2022-04-26 14:37:31 |
Enzo Candotti |
description |
Brief Description
platform-integ-apps fails to reach applied state after SX system is migrated to DX system
Severity
major
Steps to Reproduce
1)install subcloud as SX
2)Create the following file "migrate-subcloud-overrides.yaml" on centralcontroller
[sysadmin@controller-0 ~(keystone_admin)]$ cat migrate-subcloud-overrides.yaml
---
{
"ansible_ssh_pass": ******,
"external_oam_node_0_address": "2620:10A:A001:A103::218",
"external_oam_node_1_address": "2620:10A:A001:A103::42",
}
[sysadmin@controller-0 ~(keystone_admin)]$
3)Run migrate_sx_to_dx.yml on central cloud and verify that there are not errors in the output
4)When the subcloud is online, managed, and login to subcloud and verify that sx is converted to duplex
[sysadmin@controller-0 ~(keystone_admin)]$ system show
+------------------------+--------------------------------------+
| Property | Value |
+------------------------+--------------------------------------+
| contact | None |
| created_at | 2021-12-05T18:36:08.995159+00:00 |
| description | None |
| distributed_cloud_role | subcloud |
| https_enabled | True |
| latitude | None |
| location | None |
| longitude | None |
| name | dc-subcloud12 |
| region_name | subcloud12 |
| sdn_enabled | False |
| security_feature | spectre_meltdown_v1 |
| service_project_name | services |
| shared_services | [] |
| software_version | 21.12 |
| system_mode | duplex |
| system_type | All-in-one |
| timezone | UTC |
| updated_at | 2021-12-07T19:47:27.308407+00:00 |
| uuid | 0c86a371-c387-4104-9d75-e6948454ffe3 |
| vswitch_type | none |
+------------------------+--------------------------------------+
[sysadmin@controller-0 ~(keystone_admin)]$
5)But the platform-integ-apps failed to reach applied state and it stuck at 25% forever
[sysadmin@controller-0 ~(keystone_admin)]$ system application-list
+--------------------------+---------+-----------------------------------+----------------------------------------+----------+---------------------------------------+
| application | version | manifest name | manifest file | status | progress |
+--------------------------+---------+-----------------------------------+----------------------------------------+----------+---------------------------------------+
| cert-manager | 1.0-25 | cert-manager-manifest | certmanager-manifest.yaml | applied | completed |
| nginx-ingress-controller | 1.1-17 | nginx-ingress-controller-manifest | nginx_ingress_controller_manifest.yaml | applied | completed |
| oidc-auth-apps | 1.0-59 | oidc-auth-manifest | manifest.yaml | applied | completed |
| platform-integ-apps | 1.0-42 | platform-integration-manifest | manifest.yaml | applying | processing chart: stx-rbd-provisioner |
| | | | | | , overall completion: 25.0% |
| | | | | | |
| rook-ceph-apps | 1.0-13 | rook-ceph-manifest | manifest.yaml | uploaded | completed |
| vault | 1.0-22 | vault-manifest | vault_manifest.yaml | applied | completed |
+--------------------------+---------+-----------------------------------+----------------------------------------+----------+---------------------------------------+
when tried to apply again, it failed
Expected Behavior
after migration the app should be applied properly
Actual Behavior
platform-integ-apps fails to reach applied state
Reproducibility
100%
System Configuration
SX subcloud.

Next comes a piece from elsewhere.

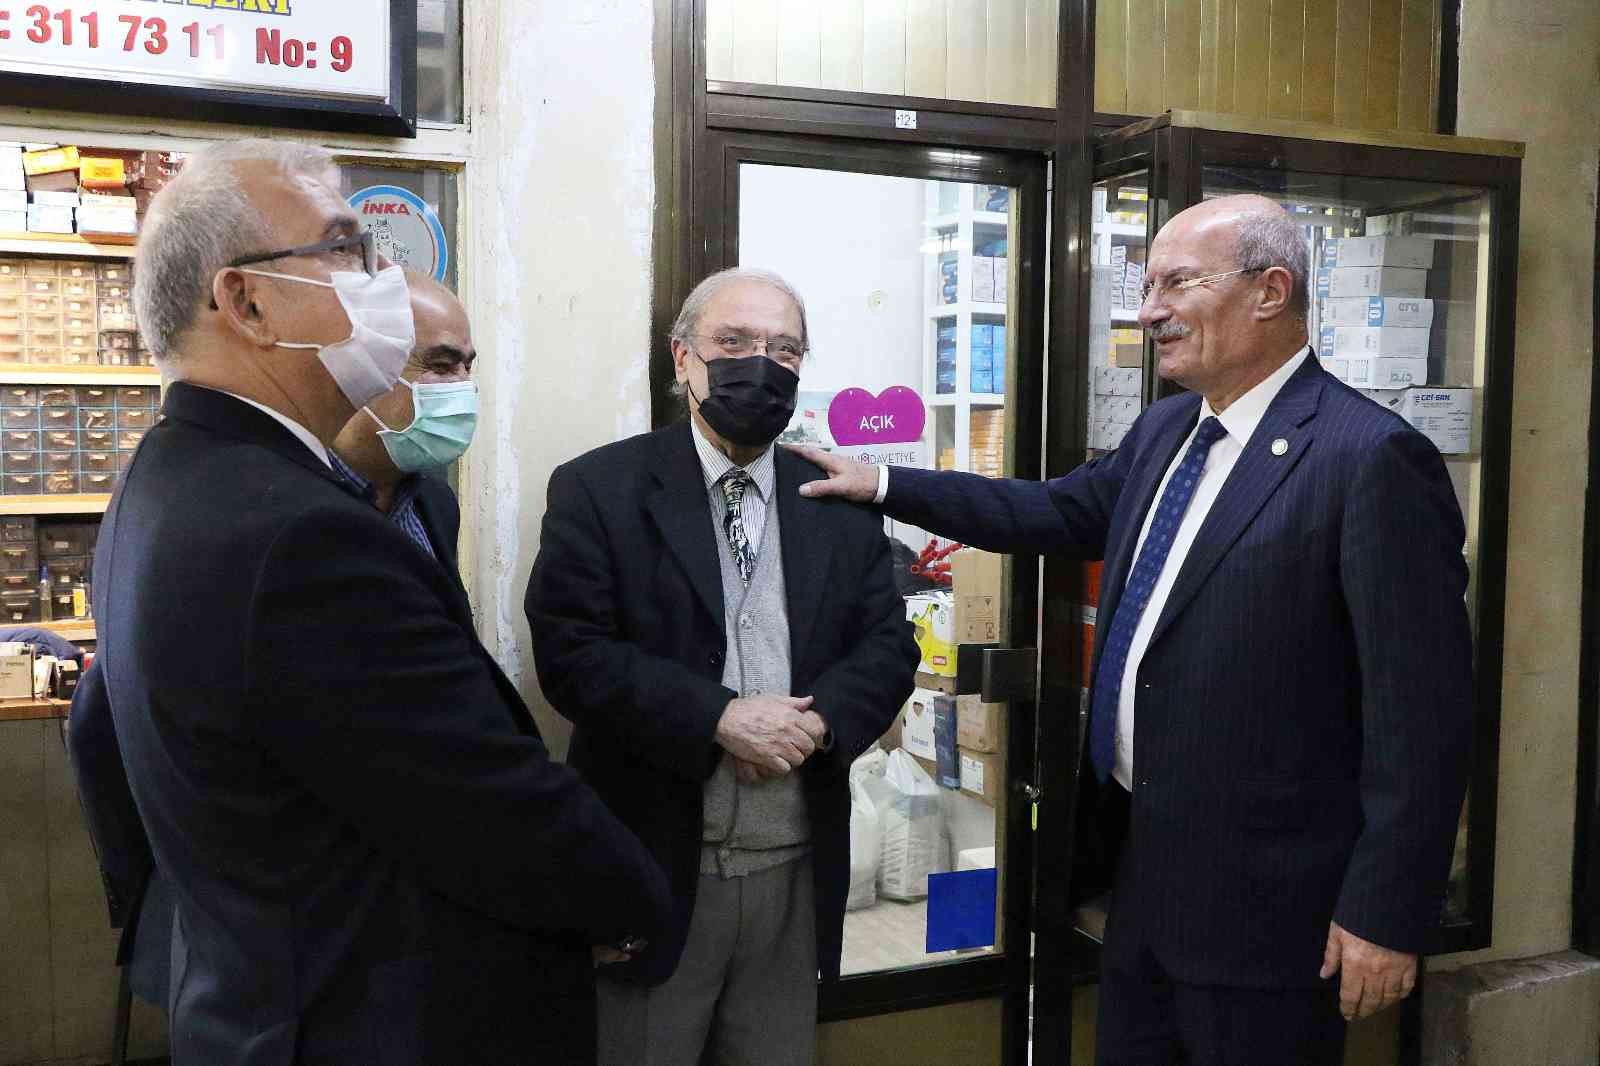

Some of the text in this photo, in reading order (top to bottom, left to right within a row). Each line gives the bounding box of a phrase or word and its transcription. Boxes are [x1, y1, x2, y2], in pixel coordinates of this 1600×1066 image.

Seen on AIO-SX standalone too
Branch/Pull Time/Commit
21.12
Last Pass
21.05
Timestamp/Logs
/var/log/armada/platform-integ-apps-apply_2021-12-07-21-12-42.log
2021-12-07 21:42:51.198 178 ERROR armada.handlers.tiller [-] [chart=kube-system-rbd-provisioner]: Error while installing release stx-rbd-provisioner: grpc._channel._InactiveRpcError: <_InactiveRpcError of RPC that terminated with:
>---status = StatusCode.UNKNOWN
>---details = "release stx-rbd-provisioner failed: timed out waiting for the condition"
>---debug_error_string = "{"created":"@1638913371.198181944","description":"Error received from peer ipv4:127.0.0.1:24134","file":"src/core/lib/surface/call.cc","file_line":1067,"grpc_message":"release stx-rbd-provisioner failed: timed out waiting for the condition","grpc_status":2}"
>
2021-12-07 21:42:51.198 178 ERROR armada.handlers.tiller Traceback (most recent call last):
2021-12-07 21:42:51.198 178 ERROR armada.handlers.tiller File "/usr/local/lib/python3.6/dist-packages/armada/handlers/tiller.py", line 465, in install_release
2021-12-07 21:42:51.198 178 ERROR armada.handlers.tiller metadata=self.metadata)
2021-12-07 21:42:51.198 178 ERROR armada.handlers.tiller File "/usr/local/lib/python3.6/dist-packages/grpc/_channel.py", line 923, in __call__
2021-12-07 21:42:51.198 178 ERROR armada.handlers.tiller return _end_unary_response_blocking(state, call, False, None)
2021-12-07 21:42:51.198 178 ERROR armada.handlers.tiller File "/usr/local/lib/python3.6/dist-packages/grpc/_channel.py", line 826, in _end_unary_response_blocking
2021-12-07 21:42:51.198 178 ERROR armada.handlers.tiller raise _InactiveRpcError(state)
2021-12-07 21:42:51.198 178 ERROR armada.handlers.tiller grpc._channel._InactiveRpcError: <_InactiveRpcError of RPC that terminated with:
2021-12-07 21:42:51.198 178 ERROR armada.handlers.tiller >--status = StatusCode.UNKNOWN
2021-12-07 21:42:51.198 178 ERROR armada.handlers.tiller >--details = "release stx-rbd-provisioner failed: timed out waiting for the condition"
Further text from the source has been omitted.